Rhea-AI Filing Summary

GRUPO TELEVISA, S.A.B. Co‑Chief Executive Officer Alfonso de Angoitia reported awards of several derivative securities tied to the company’s equity. The largest is a zero‑coupon issue of Mandatory Convertible Debentures that will be mandatorily converted into 6,307,262,714 Series "A" Shares after one year, at a stated conversion price of $0.0048 per share.

He also received indirect awards of 12,574,570 CPOs and 12,066,300 CPOs under a Long‑Term Retention Plan, with conversion or exercise prices of $0.59 and $0.09 per CPO, respectively, plus 268,470 CPOs in a Stock Purchase Plan at a $0.09 conversion or exercise price. These are compensation‑related grants, not open‑market purchases or sales.

Positive

  • None.

Negative

  • None.

Insights

CEO receives large equity-linked awards, including sizable mandatory convertibles.

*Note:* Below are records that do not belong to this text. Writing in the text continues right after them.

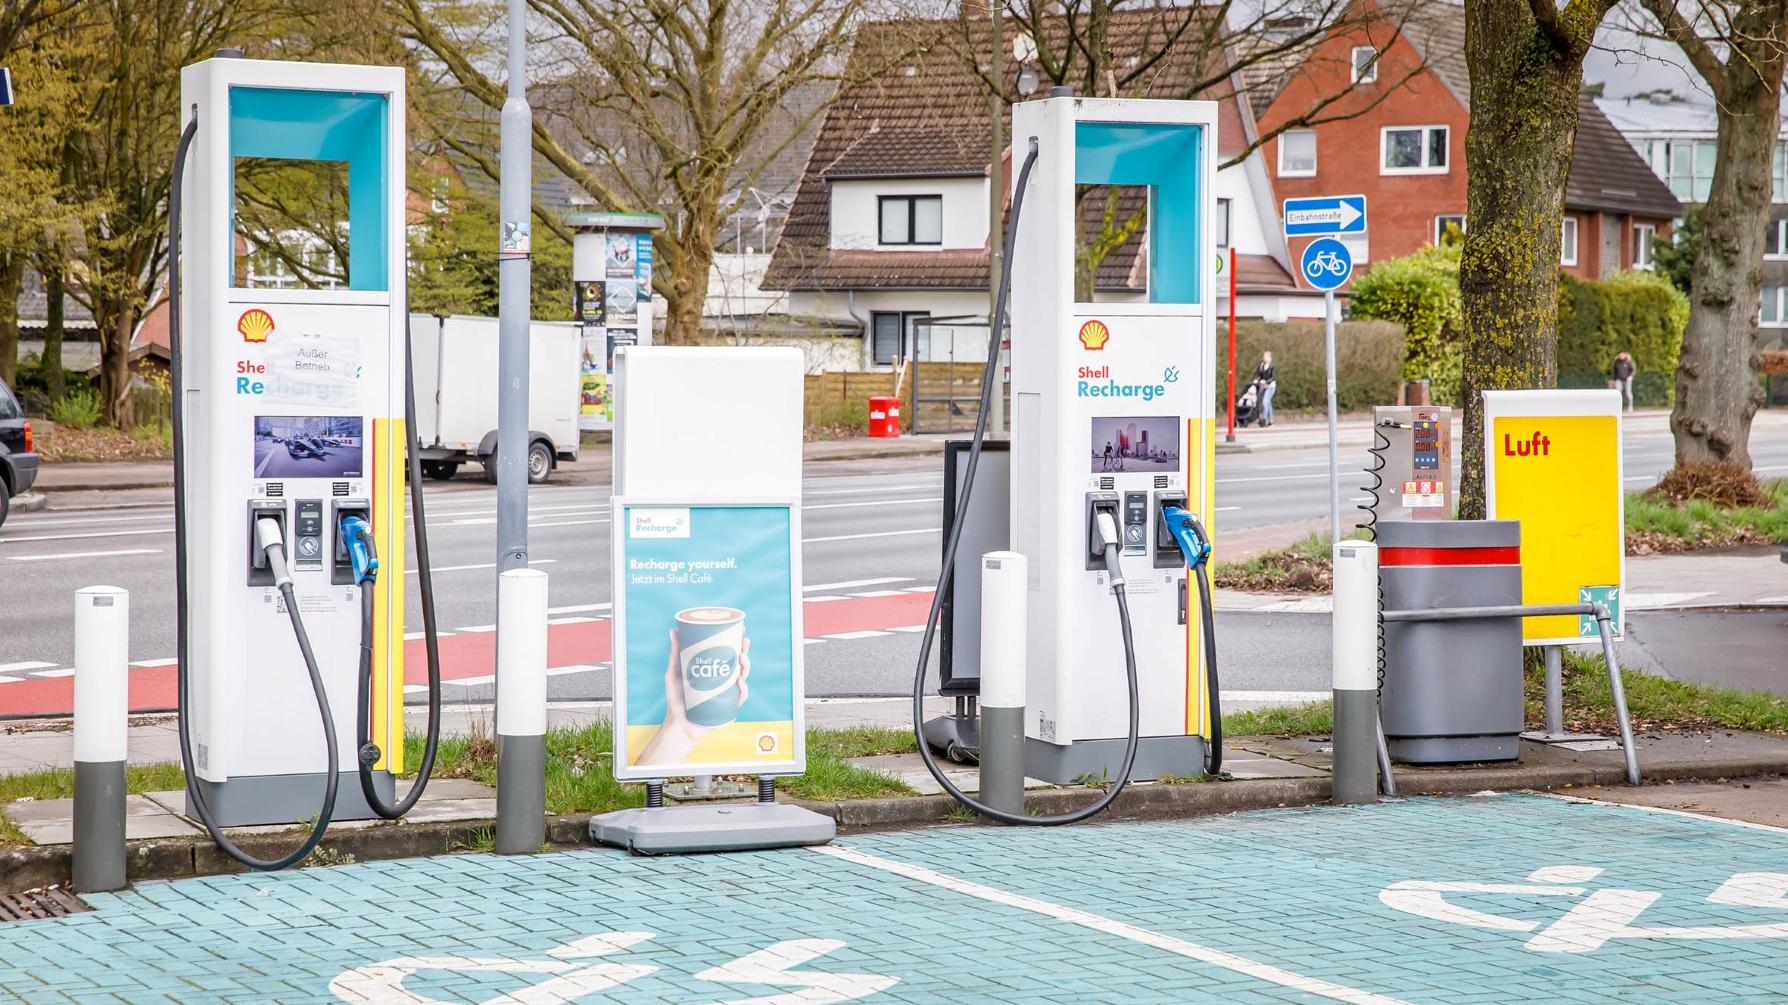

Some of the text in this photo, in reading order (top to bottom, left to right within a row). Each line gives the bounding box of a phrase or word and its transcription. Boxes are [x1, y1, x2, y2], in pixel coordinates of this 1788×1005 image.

[1289, 212, 1342, 222] Einbahnstraße
[297, 348, 329, 359] Außer
[237, 360, 269, 374] She
[295, 360, 330, 372] Betrieb
[1078, 366, 1109, 378] Shell
[1077, 379, 1165, 401] Recharge
[1504, 431, 1551, 457] Luft
[636, 523, 678, 534] Recharge
[630, 557, 738, 572] Recharge yourself.
[630, 572, 714, 585] Jetzt im Shell Café.
[695, 657, 713, 665] Shell
[691, 659, 731, 677] café
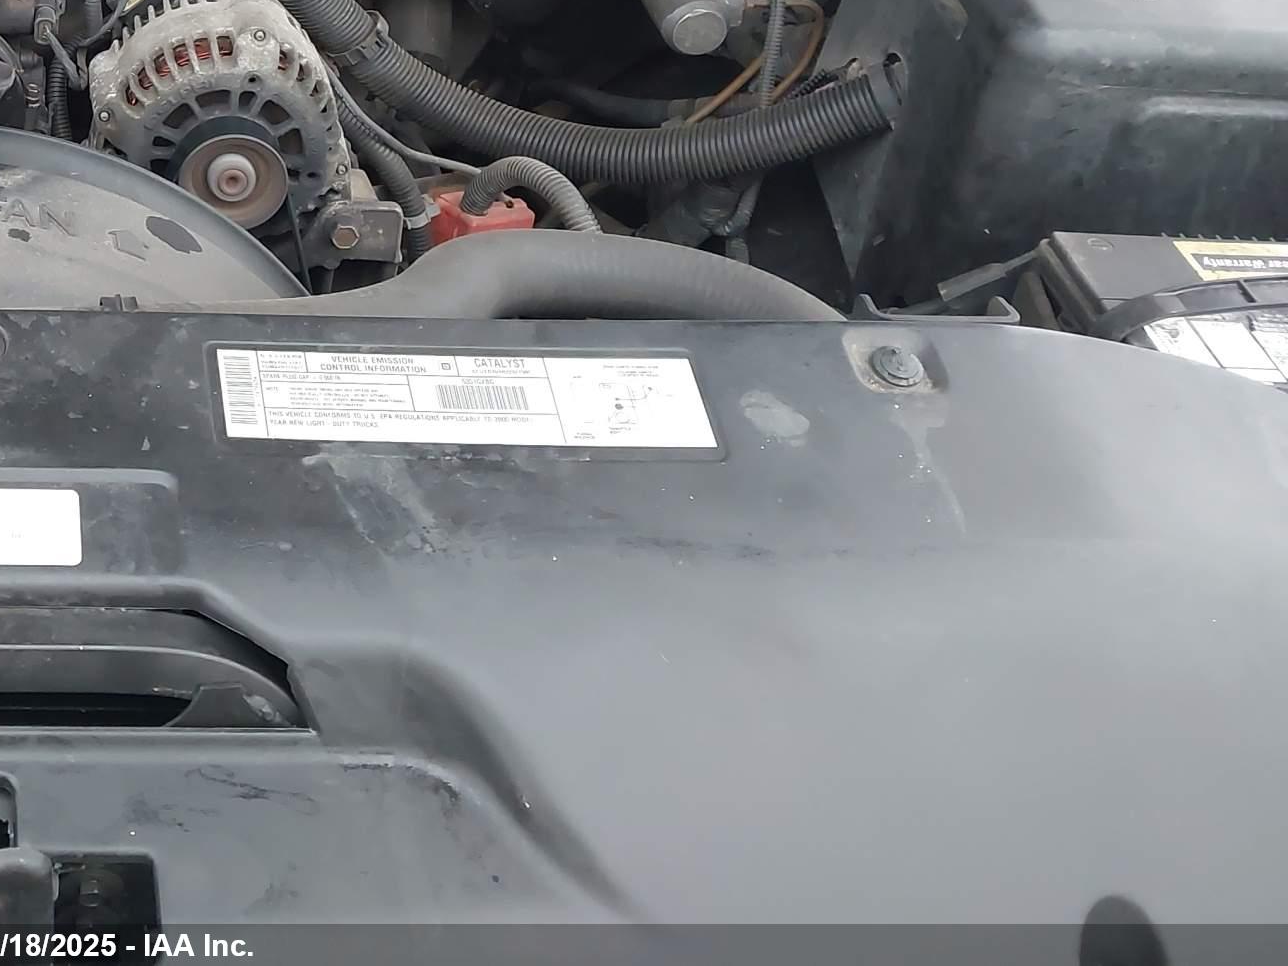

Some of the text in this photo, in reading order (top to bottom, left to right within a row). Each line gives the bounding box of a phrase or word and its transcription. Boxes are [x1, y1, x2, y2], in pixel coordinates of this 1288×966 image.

[1203, 256, 1266, 269] Warranty
[331, 356, 369, 364] VEHICLE
[474, 358, 525, 368] CATALYST
[364, 365, 426, 373] INFORMATION
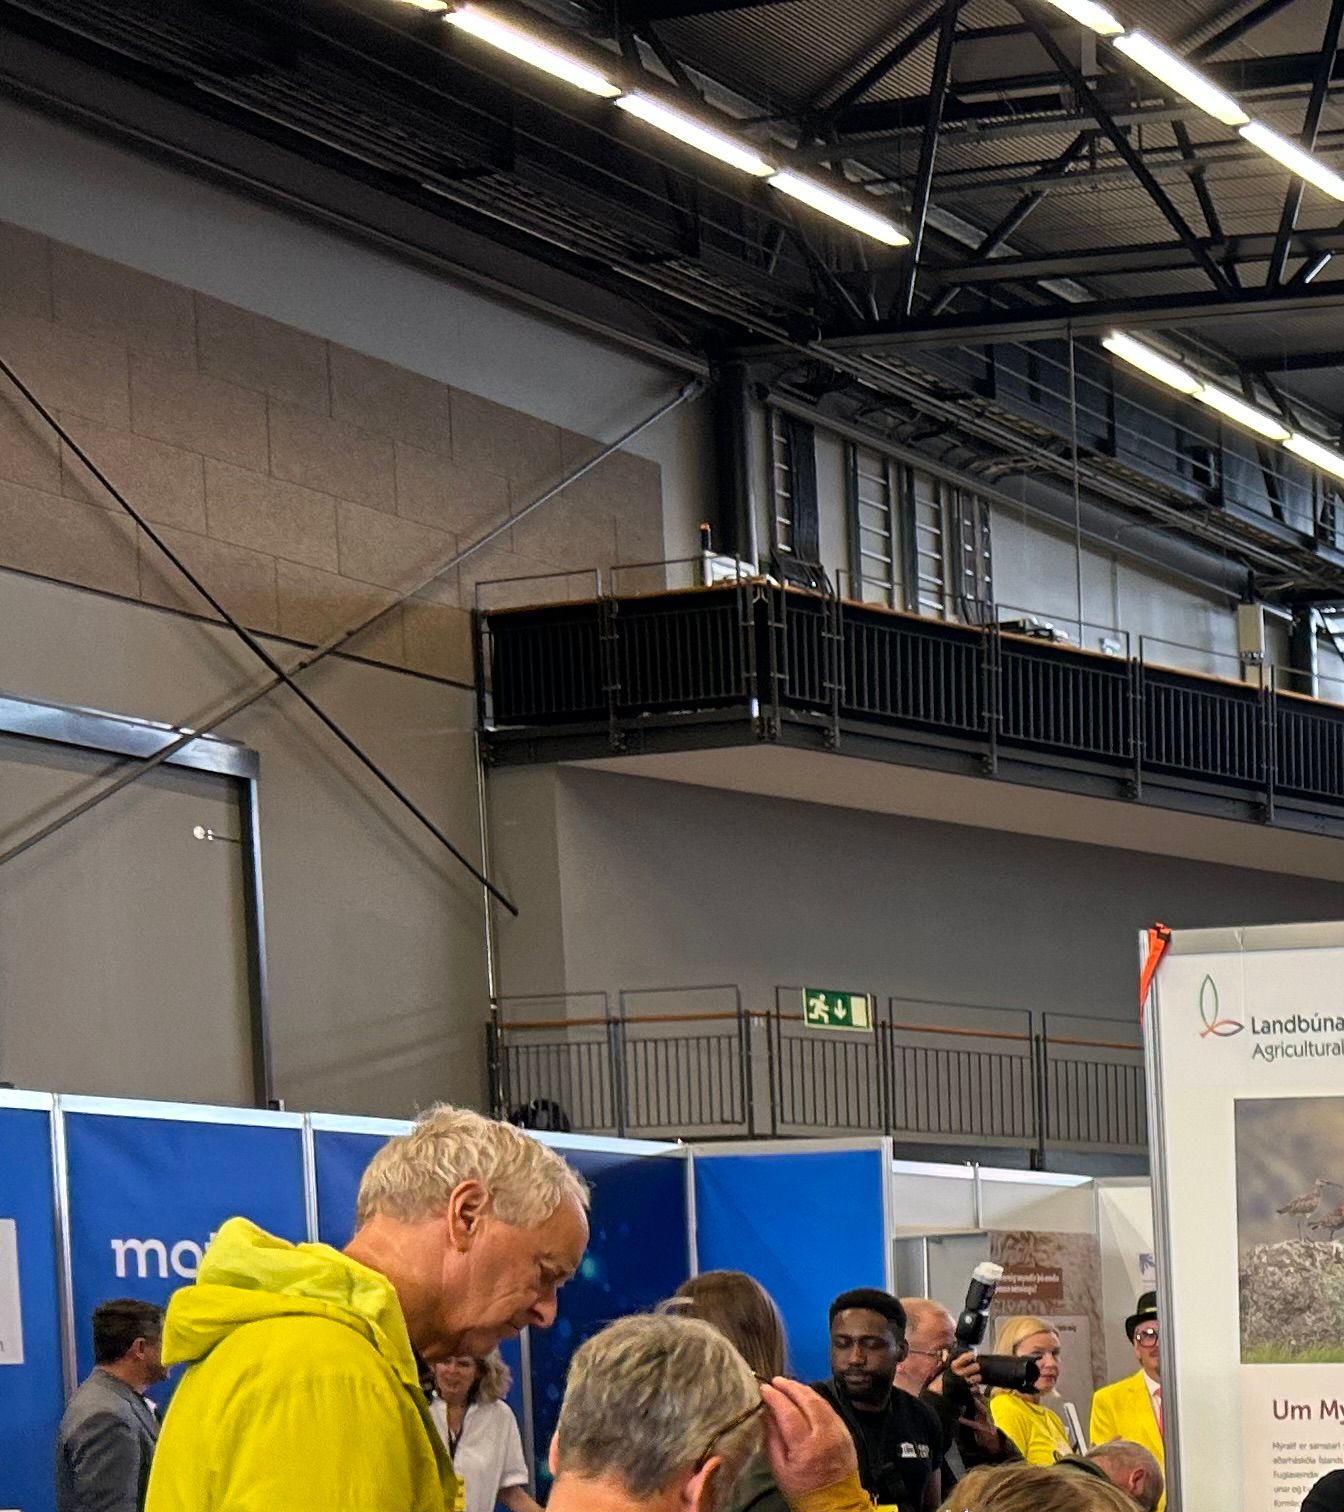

The reporting by Grupo Televisa shows Co‑CEO Alfonso de Angoitia acquiring several equity-linked instruments as compensation. The most significant is the zero‑coupon Mandatory Convertible Debenture issue, which will convert into 6,307,262,714 Series "A" Shares after one year at a stated $0.0048 conversion price.

Additional indirect awards cover Long‑Term Retention and Stock Purchase Plans, with CPO grants at conversion or exercise prices of $0.59 and $0.09. These are grants, not market trades, so they mainly reflect incentive design and future equity exposure, rather than a directional view on the current share price.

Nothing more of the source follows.